Logo_ER10

Interpreting a weather classification model with LIME

This notebook demonstrates the use of DIANNA with the LIME timeseries method on the weather dataset.

LIME (Local Interpretable Model-agnostic Explanations) is an explainable-AI method that aims to create an interpretable model that locally represents the classifier. For more details see the LIME paper.

NOTE: This tutorial is still work-in-progress, the final results need to be improved by tweaking the LIME parameters

Colab Setup

[1]:
running_in_colab = 'google.colab' in str(get_ipython())
if running_in_colab:
  # install dianna
  !python3 -m pip install dianna[notebooks]
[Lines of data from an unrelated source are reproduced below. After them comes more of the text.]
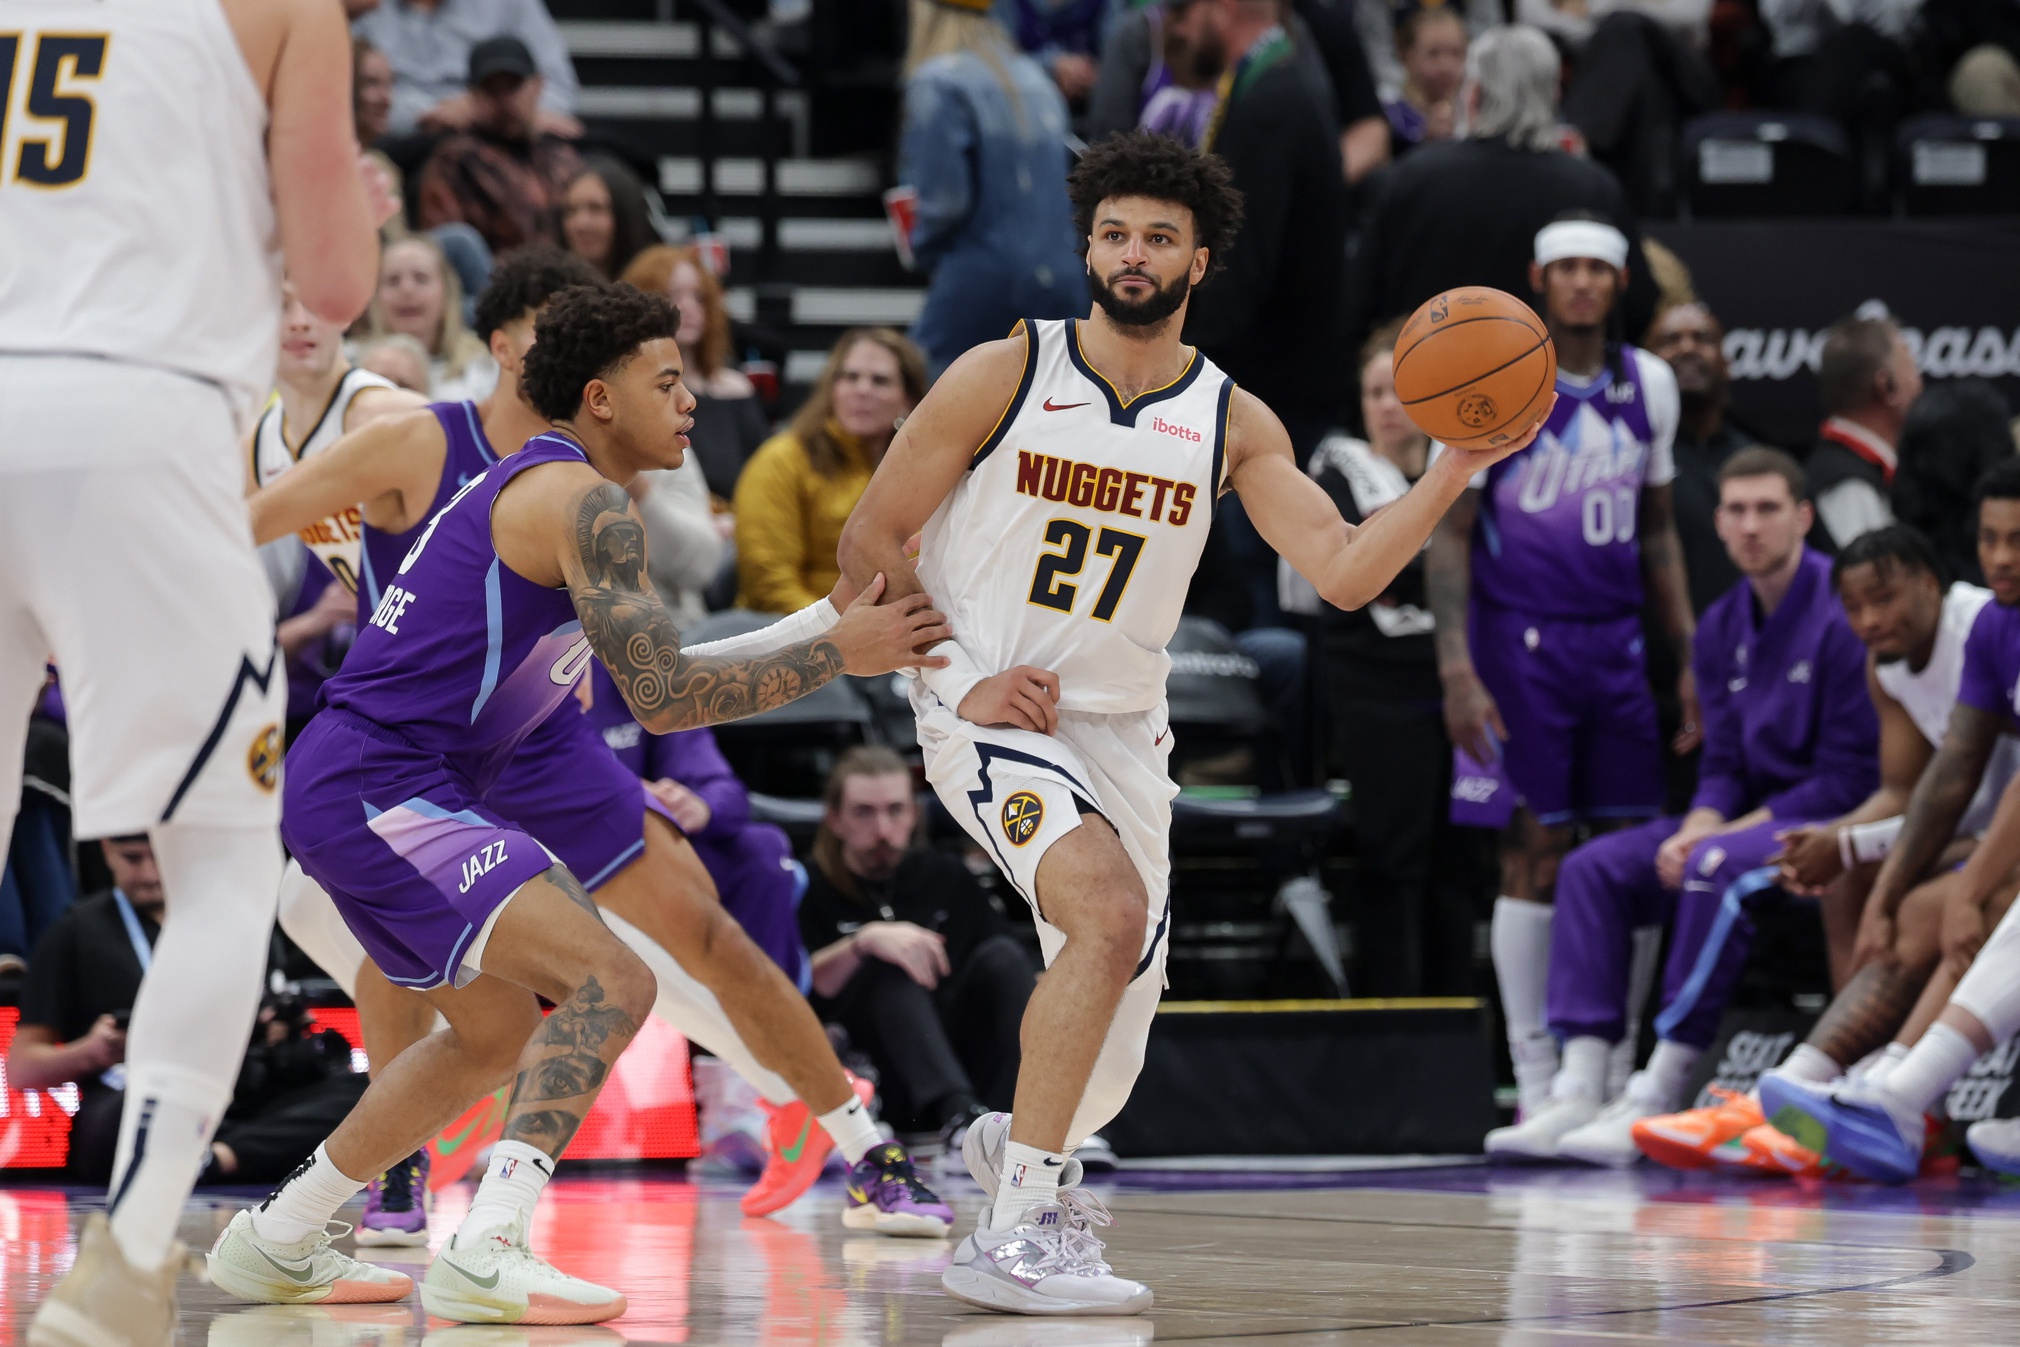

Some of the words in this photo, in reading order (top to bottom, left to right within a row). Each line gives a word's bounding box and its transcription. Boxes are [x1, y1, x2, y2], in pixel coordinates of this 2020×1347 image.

[1152, 416, 1201, 442] ibotta
[1015, 449, 1198, 529] NUGGETS
[1026, 517, 1149, 624] 27
[458, 839, 509, 894] JAZZ
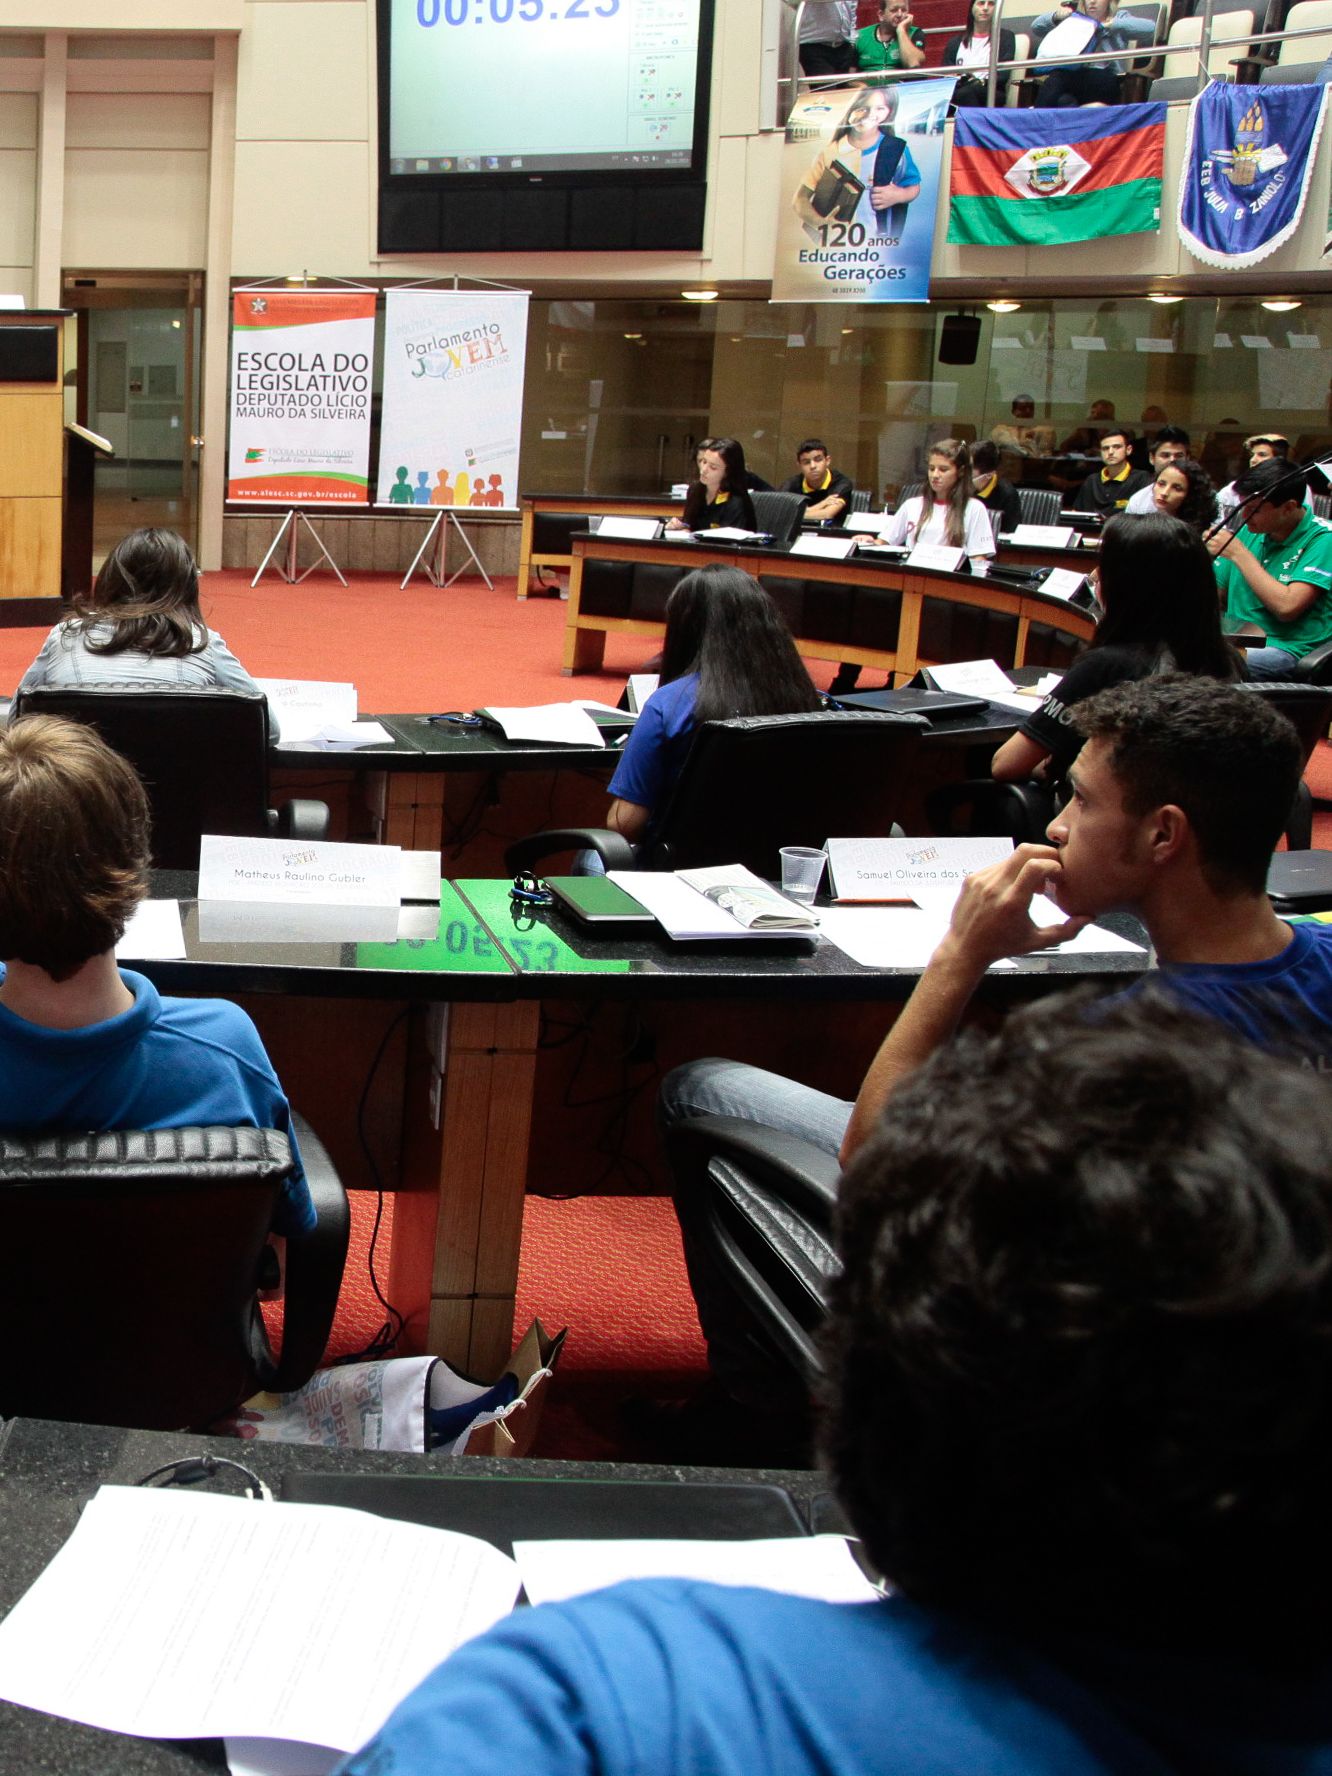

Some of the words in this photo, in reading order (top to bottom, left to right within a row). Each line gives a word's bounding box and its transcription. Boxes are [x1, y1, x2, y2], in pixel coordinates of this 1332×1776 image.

[1200, 160, 1215, 187] EEB
[1234, 207, 1245, 220] B
[818, 223, 866, 247] 120
[868, 236, 899, 247] anos
[799, 248, 880, 263] Educando
[823, 265, 907, 284] Gerações
[405, 323, 500, 358] Parlamento
[237, 352, 325, 372] ESCOLA
[333, 353, 369, 372] DO
[411, 334, 508, 378] JOVEM
[446, 354, 510, 380] catarinense
[237, 373, 368, 392] LEGISLATIVO
[236, 392, 322, 407] DEPUTADO
[327, 391, 367, 407] LÍCIO
[236, 406, 285, 418] MAURO
[288, 407, 307, 418] DA
[310, 408, 366, 420] SILVEIRA
[234, 869, 281, 880] Matheus
[284, 870, 325, 882] Raulino
[328, 872, 366, 883] Gubler
[856, 870, 892, 880] Samuel
[895, 869, 937, 879] Oliveira
[940, 869, 959, 878] dos
  # download data used in this demo
  import os
  base_url = 'https://raw.githubusercontent.com/dianna-ai/dianna/main/dianna/'
  paths_to_download = ['./models/season_prediction_model_temp_max_binary.onnx']
  for path in paths_to_download:
      !wget {base_url + path} -P {os.path.dirname(path)}

0 - Libraries

[1]:
import os
import pandas as pd
import numpy as np
from dianna import visualization
from matplotlib import pyplot as plt
from sklearn.model_selection import train_test_split
import onnx
import onnxruntime as ort
import dianna

np.random.seed(0)

1 - Create a mini dataset with extremes for verification

To demonstrate the skill of RISE for timeseries model explanation, we “make up” a weather dataset (timeseries) with extrem hot days and cold days.

[2]:
# make up a weather dataset with extrems
cold_with_2_hot_days = np.expand_dims(np.array([30, 29] + list(np.zeros(26))) , axis=1)
data_extreme = cold_with_2_hot_days
fig = plt.figure()
plt.plot(data_extreme)
plt.xlabel("Time index")
plt.ylabel("Celcius")
plt.title("Temperature")
plt.show()
../_images/tutorials_lime_timeseries_weather_6_0.png

2 - Define an “expert” model to verify RISE for timeseries

We can define an ‘expert’ model to test RISE. This expert model decides it’s summer if the mean temp is above the threshold, and winter in other cases.

[3]:
# We define a threshold for the model to make decisions
# The label is ["summer", "winter"]
threshold = 14

def run_expert_model(data):
    is_summer = np.mean(np.mean(data, axis=1), axis=1) > threshold
    number_of_classes = 2
    number_of_instances = data.shape[0]
    result = np.zeros((number_of_instances ,number_of_classes))
    result[is_summer] = [1.0, 0.0]
    result[~is_summer] = [0.0, 1.0]
    return result

3 - Compute and visualize the relevance scores

In this section we compute the relevance scores for each segment of timeseries using LIME and visualize them on the original timeseries.

[4]:
# we use the threshold to mask the data
def input_train_mean(_data):
    return threshold
[5]:
exp = dianna.explain_timeseries(run_expert_model, input_timeseries=data_extreme,
                                method='lime', labels=[0,1], class_names=["summer", "winter"],
                                num_features=len(data_extreme), num_samples=10000,
                                num_slices=len(data_extreme), distance_method='euclidean',
                                mask_type=input_train_mean)
Explaining: 100%|████████████████████████████████████████████████████████| 10000/10000 [00:00<00:00, 34484.38it/s]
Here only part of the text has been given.